**Directions:** Where a picture occurs in the data, omit it, and copy all remaining data exactly.

[[ Stored data open ]]

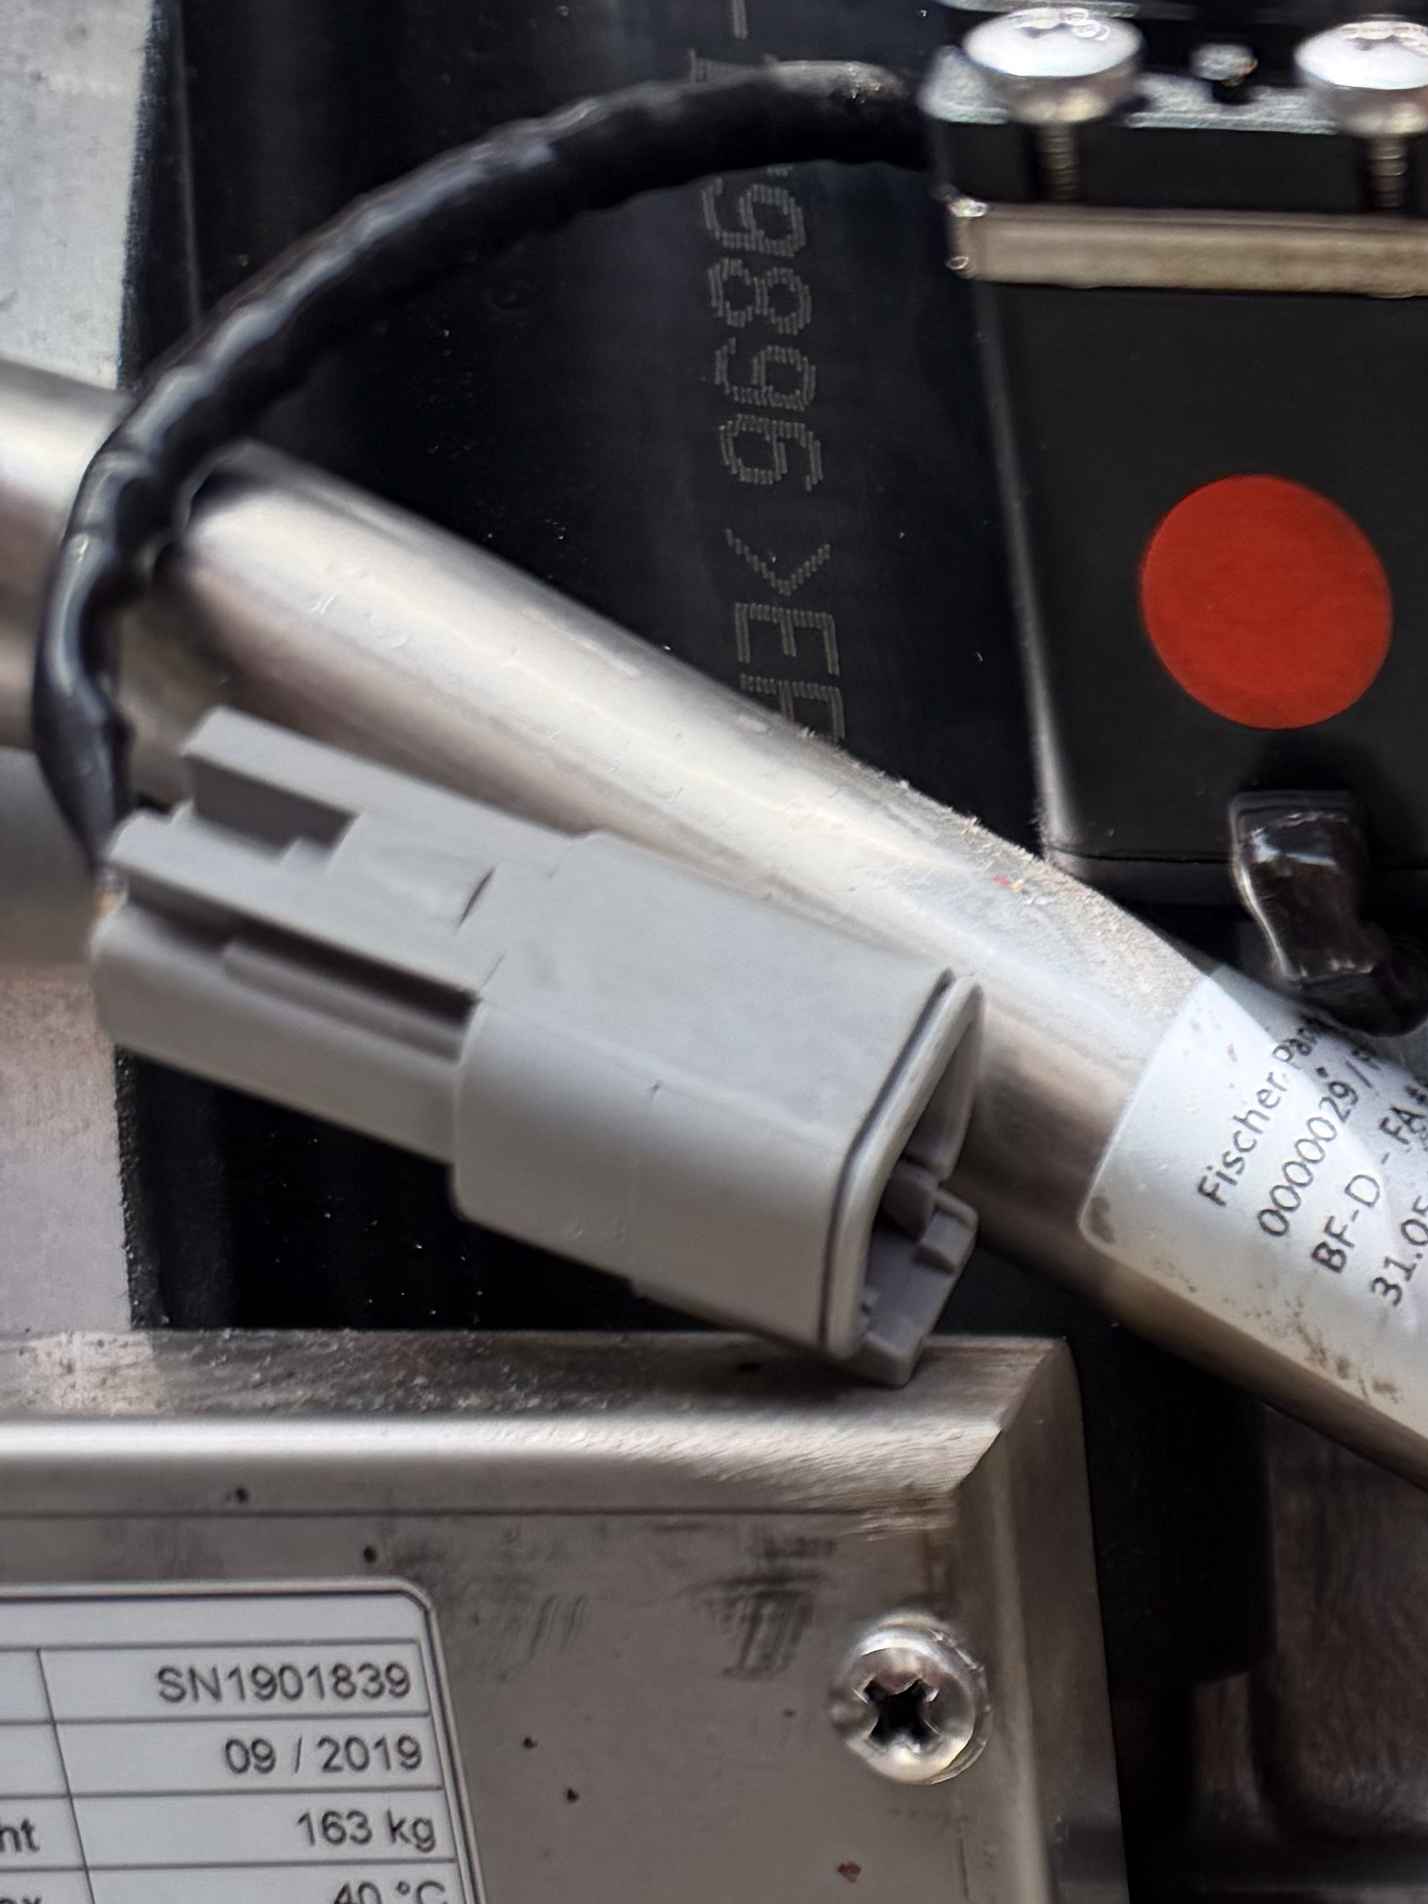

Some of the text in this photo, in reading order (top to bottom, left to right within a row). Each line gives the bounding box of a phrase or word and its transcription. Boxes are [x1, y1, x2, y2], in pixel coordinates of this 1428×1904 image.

[700, 165, 823, 492] 9896
[1197, 1071, 1288, 1207] Fischer
[157, 1662, 412, 1704] SN1901839
[225, 1735, 423, 1774] 09 2019
[298, 1808, 437, 1853] 163 kg

[[ Stored data closed ]]

**Output below:**
Some of the text in this photo, in reading order (top to bottom, left to right within a row). Each line gives the bounding box of a phrase or word and its transcription. Boxes are [x1, y1, x2, y2], in pixel coordinates of this 1428×1904 image.

[700, 165, 823, 492] 9896
[1197, 1071, 1288, 1207] Fischer
[157, 1662, 412, 1704] SN1901839
[225, 1735, 423, 1774] 09 2019
[298, 1808, 437, 1853] 163 kg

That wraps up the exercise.